(Extracted records)
____________________

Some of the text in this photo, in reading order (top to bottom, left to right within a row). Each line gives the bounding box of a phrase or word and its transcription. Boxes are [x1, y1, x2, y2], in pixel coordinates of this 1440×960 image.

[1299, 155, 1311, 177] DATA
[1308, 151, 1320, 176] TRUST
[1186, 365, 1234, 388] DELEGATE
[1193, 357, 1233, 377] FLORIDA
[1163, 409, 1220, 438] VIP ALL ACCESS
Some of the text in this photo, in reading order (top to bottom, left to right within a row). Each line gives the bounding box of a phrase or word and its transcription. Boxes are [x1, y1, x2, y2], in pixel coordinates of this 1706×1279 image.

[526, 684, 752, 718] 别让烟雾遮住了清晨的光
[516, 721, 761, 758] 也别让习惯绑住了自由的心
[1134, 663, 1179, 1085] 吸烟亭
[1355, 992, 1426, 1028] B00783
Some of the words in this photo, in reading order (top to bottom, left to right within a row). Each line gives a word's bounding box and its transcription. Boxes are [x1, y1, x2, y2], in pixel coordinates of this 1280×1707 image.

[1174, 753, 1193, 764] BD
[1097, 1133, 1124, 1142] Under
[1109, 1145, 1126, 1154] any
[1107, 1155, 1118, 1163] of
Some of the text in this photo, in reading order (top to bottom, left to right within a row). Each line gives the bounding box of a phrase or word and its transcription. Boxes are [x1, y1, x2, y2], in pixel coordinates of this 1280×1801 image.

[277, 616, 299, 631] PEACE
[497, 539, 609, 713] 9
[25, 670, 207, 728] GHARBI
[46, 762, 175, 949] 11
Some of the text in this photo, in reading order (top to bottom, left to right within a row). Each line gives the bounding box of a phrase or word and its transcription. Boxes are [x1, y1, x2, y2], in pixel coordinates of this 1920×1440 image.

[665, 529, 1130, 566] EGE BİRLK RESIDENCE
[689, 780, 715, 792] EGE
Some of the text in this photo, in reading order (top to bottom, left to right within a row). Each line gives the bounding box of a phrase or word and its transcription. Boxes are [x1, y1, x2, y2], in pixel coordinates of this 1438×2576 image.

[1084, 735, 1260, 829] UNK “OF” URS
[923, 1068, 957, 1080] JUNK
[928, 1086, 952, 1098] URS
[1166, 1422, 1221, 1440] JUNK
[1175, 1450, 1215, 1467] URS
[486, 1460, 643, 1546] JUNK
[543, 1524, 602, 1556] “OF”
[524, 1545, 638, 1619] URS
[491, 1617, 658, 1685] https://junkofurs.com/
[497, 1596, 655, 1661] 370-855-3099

____________________

**Task description**
The entries shown above should be duplicated exactly.

**Answer to this exercise**
Some of the text in this photo, in reading order (top to bottom, left to right within a row). Each line gives the bounding box of a phrase or word and its transcription. Boxes are [x1, y1, x2, y2], in pixel coordinates of this 1440×960 image.

[1299, 155, 1311, 177] DATA
[1308, 151, 1320, 176] TRUST
[1186, 365, 1234, 388] DELEGATE
[1193, 357, 1233, 377] FLORIDA
[1163, 409, 1220, 438] VIP ALL ACCESS
Some of the text in this photo, in reading order (top to bottom, left to right within a row). Each line gives the bounding box of a phrase or word and its transcription. Boxes are [x1, y1, x2, y2], in pixel coordinates of this 1706×1279 image.

[526, 684, 752, 718] 别让烟雾遮住了清晨的光
[516, 721, 761, 758] 也别让习惯绑住了自由的心
[1134, 663, 1179, 1085] 吸烟亭
[1355, 992, 1426, 1028] B00783
Some of the words in this photo, in reading order (top to bottom, left to right within a row). Each line gives a word's bounding box and its transcription. Boxes are [x1, y1, x2, y2], in pixel coordinates of this 1280×1707 image.

[1174, 753, 1193, 764] BD
[1097, 1133, 1124, 1142] Under
[1109, 1145, 1126, 1154] any
[1107, 1155, 1118, 1163] of
Some of the text in this photo, in reading order (top to bottom, left to right within a row). Each line gives the bounding box of a phrase or word and its transcription. Boxes are [x1, y1, x2, y2], in pixel coordinates of this 1280×1801 image.

[277, 616, 299, 631] PEACE
[497, 539, 609, 713] 9
[25, 670, 207, 728] GHARBI
[46, 762, 175, 949] 11
Some of the text in this photo, in reading order (top to bottom, left to right within a row). Each line gives the bounding box of a phrase or word and its transcription. Boxes are [x1, y1, x2, y2], in pixel coordinates of this 1920×1440 image.

[665, 529, 1130, 566] EGE BİRLK RESIDENCE
[689, 780, 715, 792] EGE
Some of the text in this photo, in reading order (top to bottom, left to right within a row). Each line gives the bounding box of a phrase or word and its transcription. Boxes are [x1, y1, x2, y2], in pixel coordinates of this 1438×2576 image.

[1084, 735, 1260, 829] UNK “OF” URS
[923, 1068, 957, 1080] JUNK
[928, 1086, 952, 1098] URS
[1166, 1422, 1221, 1440] JUNK
[1175, 1450, 1215, 1467] URS
[486, 1460, 643, 1546] JUNK
[543, 1524, 602, 1556] “OF”
[524, 1545, 638, 1619] URS
[491, 1617, 658, 1685] https://junkofurs.com/
[497, 1596, 655, 1661] 370-855-3099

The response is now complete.